As you read this, keep in mind the intent is not to help your efforts to identify application compatibility, and infact may hinder them. The intent is to offer methodology for a controlled deployment of and consumption of up-level DC resources. This approach is not for everyone, and if your applications are communicating over standard protocols NETAPI, LDAP, and NSPI, there shouldn’t be any issues outside of new constraints and known compatibility issues already documented in my blog and elsewhere.
The idea behind the following approach is to allow you to promote a new W2K8/W2K8R2 DC into your W2K3 domain and keep it temporarily hidden/isolated from computers and applications. This will give you the ability to methodically and systematically perform application testing over time to identify and rectify application compatibility issues. Again, if you don't have a thorough inventory of the applications leveraging DC resources, then this approach arguably provides no value.

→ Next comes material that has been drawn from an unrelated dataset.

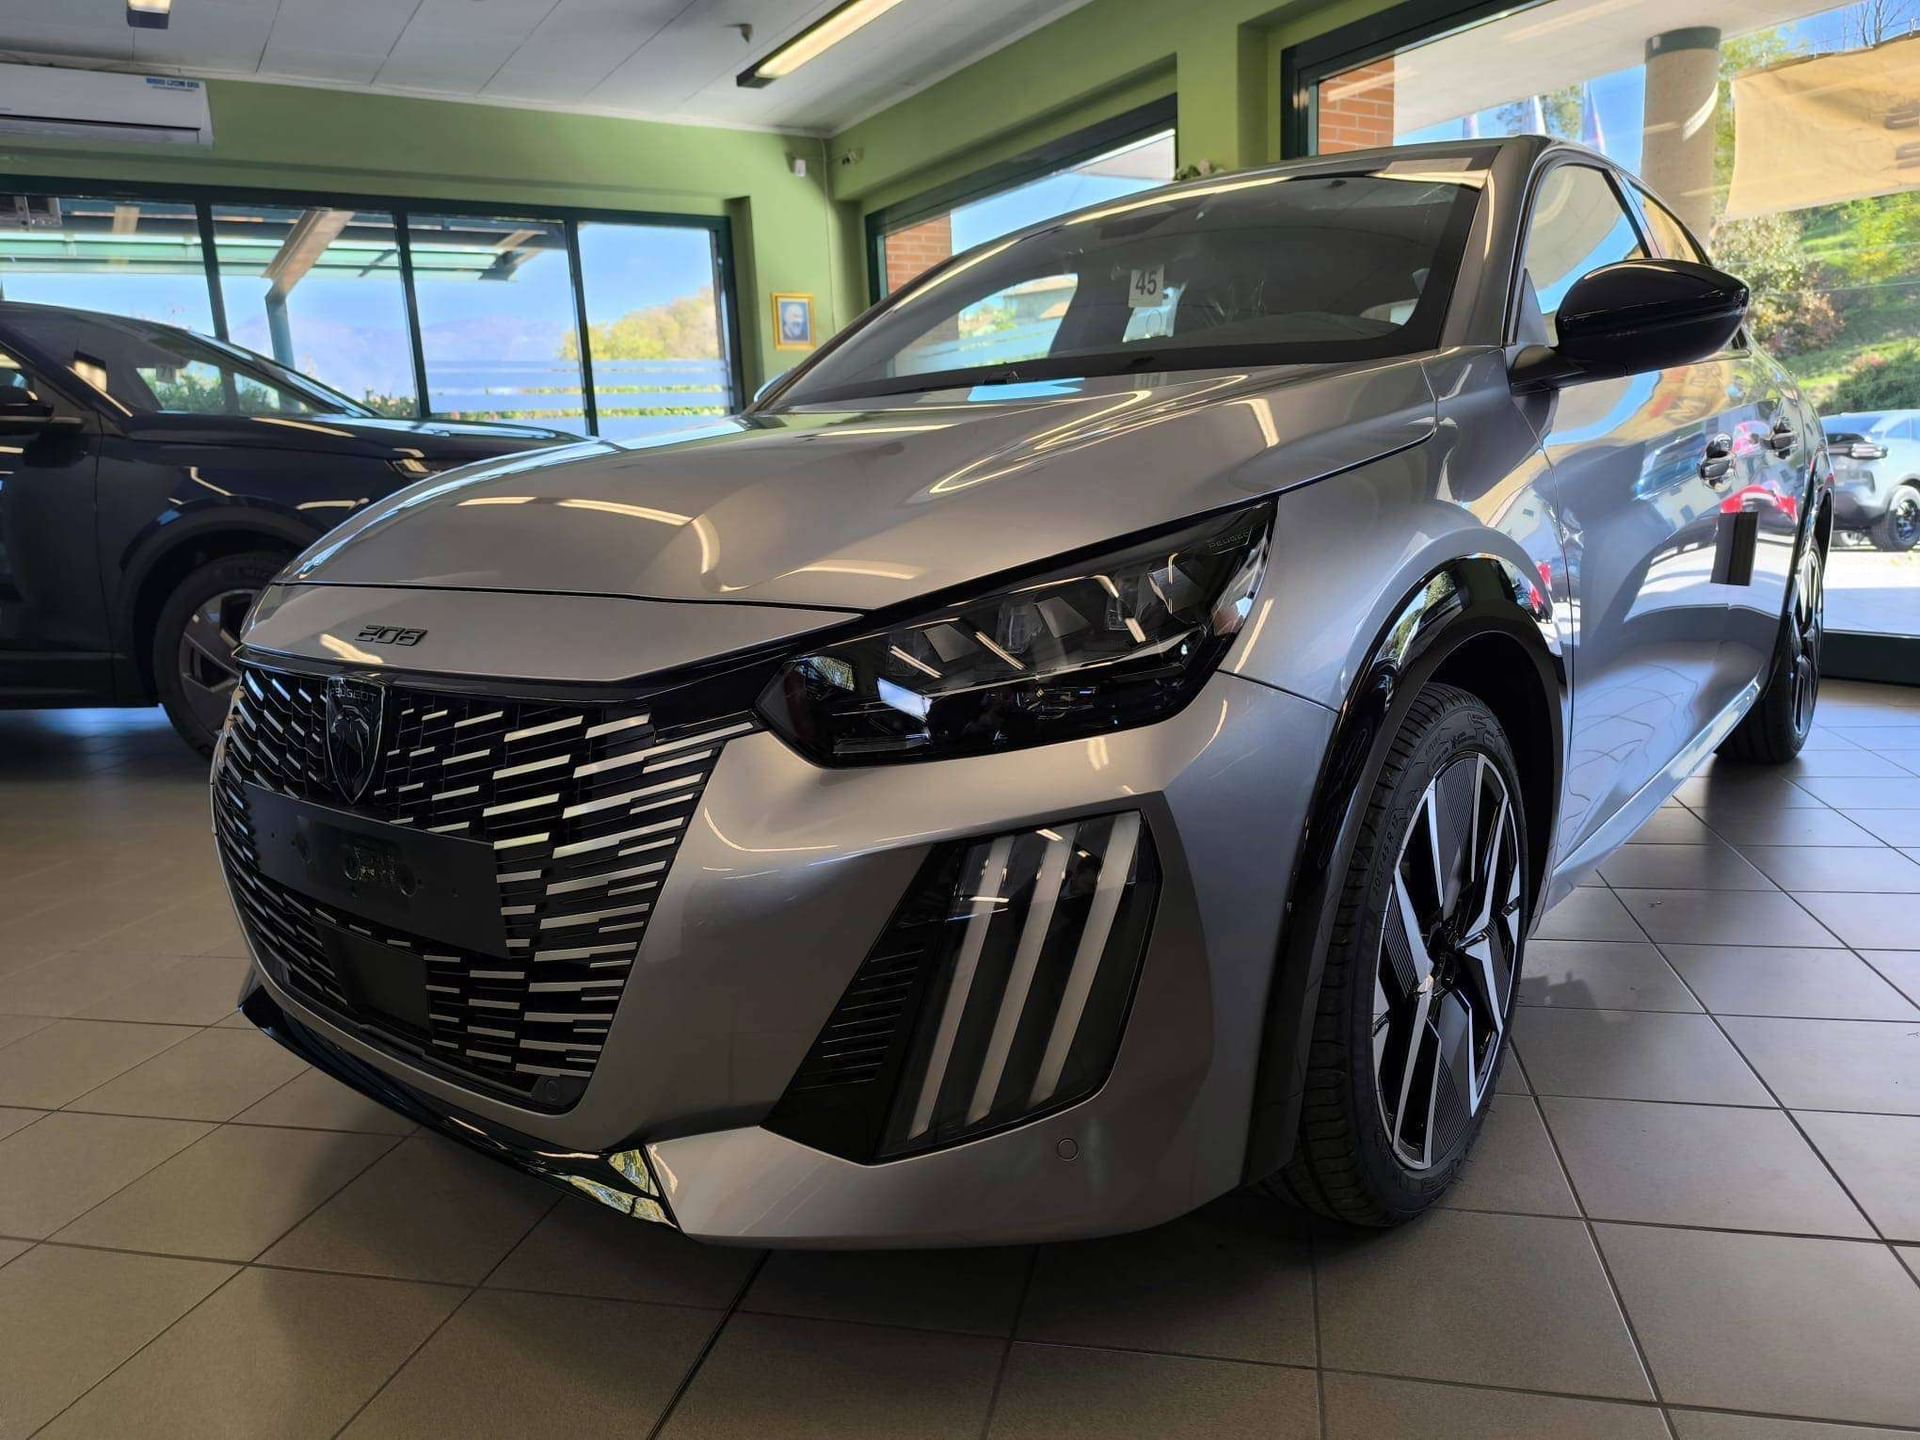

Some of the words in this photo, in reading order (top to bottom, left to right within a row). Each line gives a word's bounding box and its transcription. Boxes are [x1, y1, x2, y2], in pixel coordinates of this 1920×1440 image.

[1136, 271, 1156, 295] 45
[354, 625, 428, 647] 208
[329, 688, 377, 703] PEUGEOT

The focus of this strategy is targeted at the introduction of a new DC itself and not the needed preparatory steps required prior to deploying the W2K8 DC. We have guidance on testing Schema extensions here.
Hiding and isolating DCs involves a number of strategies, the more of which are performed, the better 'hidden' the DC from the general population of computers and applications.
1) Build a new logical AD site with site link to datacenter site. Configure the subnet for this site to the IP address of the yet to be promoted W2K8 DC. e.g., 192.168.14.231/32. Yes you can use a 32 bit mask to identify and associate a subnet to a site in AD.
2) Add DnsAvoidRegisterRecords to the registry of the yet to be promoted W2K8 server. The only records you absolutely must register are the host record and the cname record. All the rest of the records are there for clients to find DCs. So, if you don't register them, you effectively hide the DC from the most common method of discovery. You will want to register site specific SRV records so the yet to be promoted DC will register records for its temporary site. **important** Many customers have process issues resulting in subnets not being properly associated with sites in AD. The affected clients, then must use the fallback siteless SRV records to find DCs. Preventing their registration by this yet to be promoted W2K8 server will maintain the ability to control its 'advertising' its resources through DNS record registration.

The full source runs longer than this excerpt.